Friday, June 21, 2013

Iverson Konitz Grenadier Rossy Costumes Are Mandatory HighNote 2013

The great Lee Konitz began his career in the shadow of the legendary Charlie Parker. Most jazz historian types are hip to the fact that Konitz was mentored by Lennie Tristano and after recording with Warne Marsh became perhaps the only alto player  to offer a clear alternative to the Parker sound that was so dominant at the time. Konitz has long been an innovator in the development of hard bop and with the 1949 release Intuition, Konitz can easily be called the modern day grandfather of the free jazz movement despite the more popular schools of thought giving this recognition to Ornette Coleman and stretching the argument to carefully wedge in a segment of John Coltrane's career.
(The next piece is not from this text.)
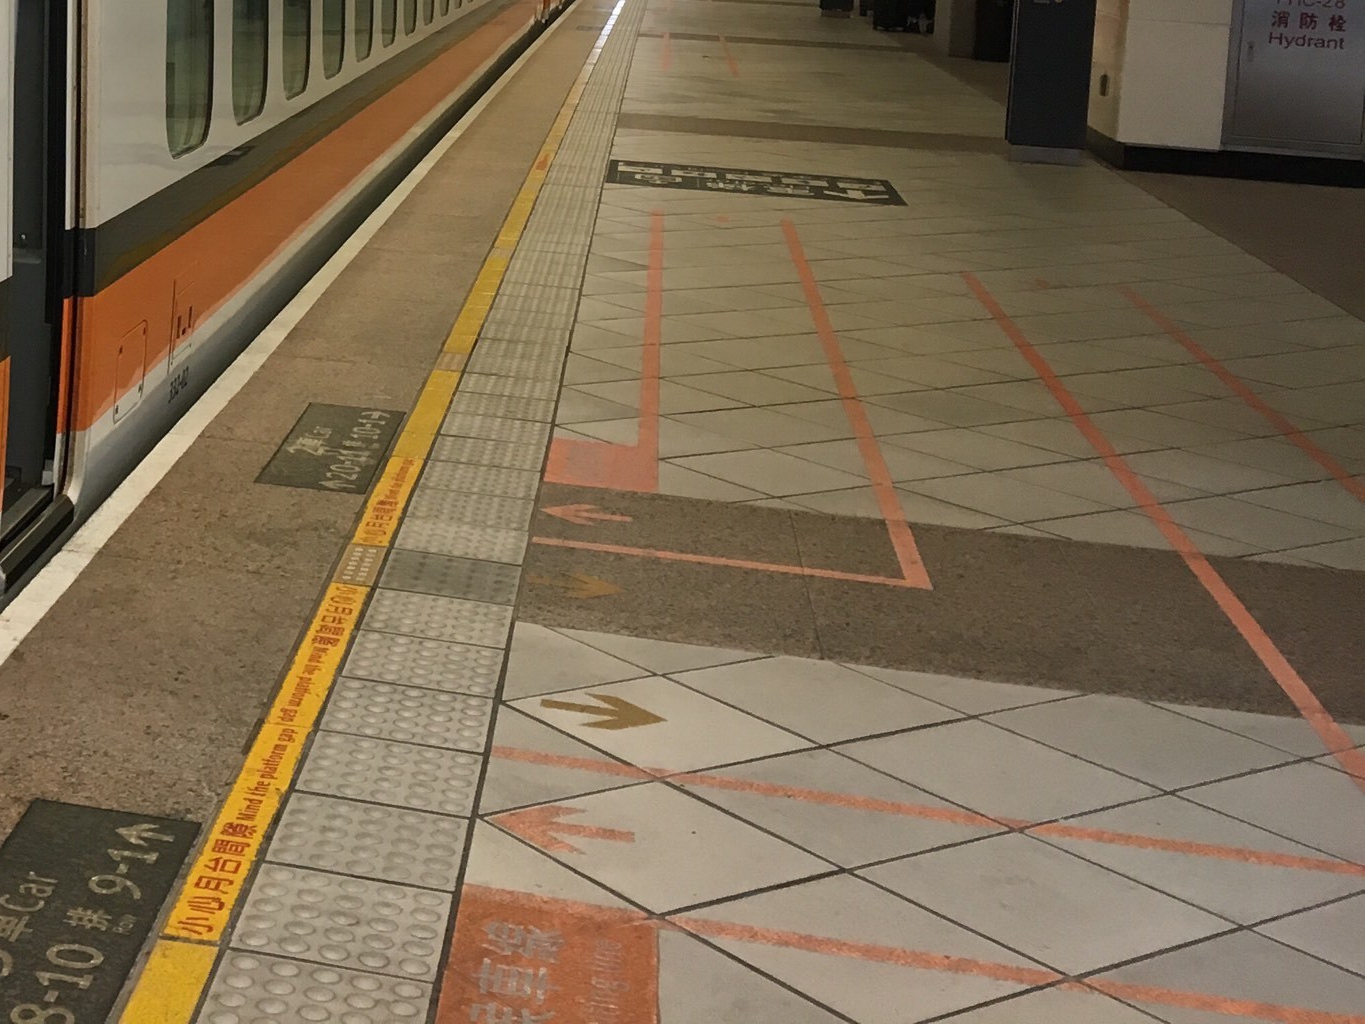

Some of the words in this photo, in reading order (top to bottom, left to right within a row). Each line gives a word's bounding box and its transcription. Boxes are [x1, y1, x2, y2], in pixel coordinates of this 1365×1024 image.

With Costumes Are Mandatory we find the 85 year young Konitz sitting in with Ethan Iverson, best known as the pianist for The Bad Plus. Iverson is a prolific composer of extreme depth and versatility and the somewhat conceptual nature of this project celebrates the contributions of Konitz while keeping an eye firmly on the musical legacy that has been created thanks to his pioneering work. The creativity of this ensemble which also includes bassist Larry Grenadier and drummer Jorge Rossy is off the charts. Dynamic new aural dimensions of sound coupled with deconstructed standards take everything we thought we knew about theory, form and function of modern jazz and flips it to a post modern exploratory of what could well be referred to as a Back To The Future riff on post modern jazz

Standard such as "Try A Little Tenderness" along with "Body and Soul" hit that special organic sweet spot with "Body and Soul" a stunning duet with Konitz and bassist Larry Grenadier. An intriguing aspect of this riff on the Konitz influence would have to be the six short tracks without Konitz where pianist Iverson takes the opportunity to make his own musical statement either accepting or rejecting the Tristano influence as the release develops.

Lee Konitz continues to amaze and redefine the importance of phrasing in relation to the group dynamic. At a point in his life and career when most musicians have either long since retired or relegate themselves to guest artist appearances or clinician work, Konitz clearly shows he has plenty of gas left in the tank on this most compelling release.

Tracks: Blueberry Ice Cream take 2; Try A Little Tenderness; It's You (Tempo Complex); It's You; What's New; 317 East 32nd; Body and Soul; Blueberry Hill; A Distant Bell; Bats; Mr. Bumi; My New Lovers All Seem So Tame; My Old Flame; Blueberry Ice Cream take 1.

Personnel: Ethan Iverson: piano; Lee Konitz: alto saxophone, vocal (track13); Larry Grenadier: bass; Jorge Rossy: drums.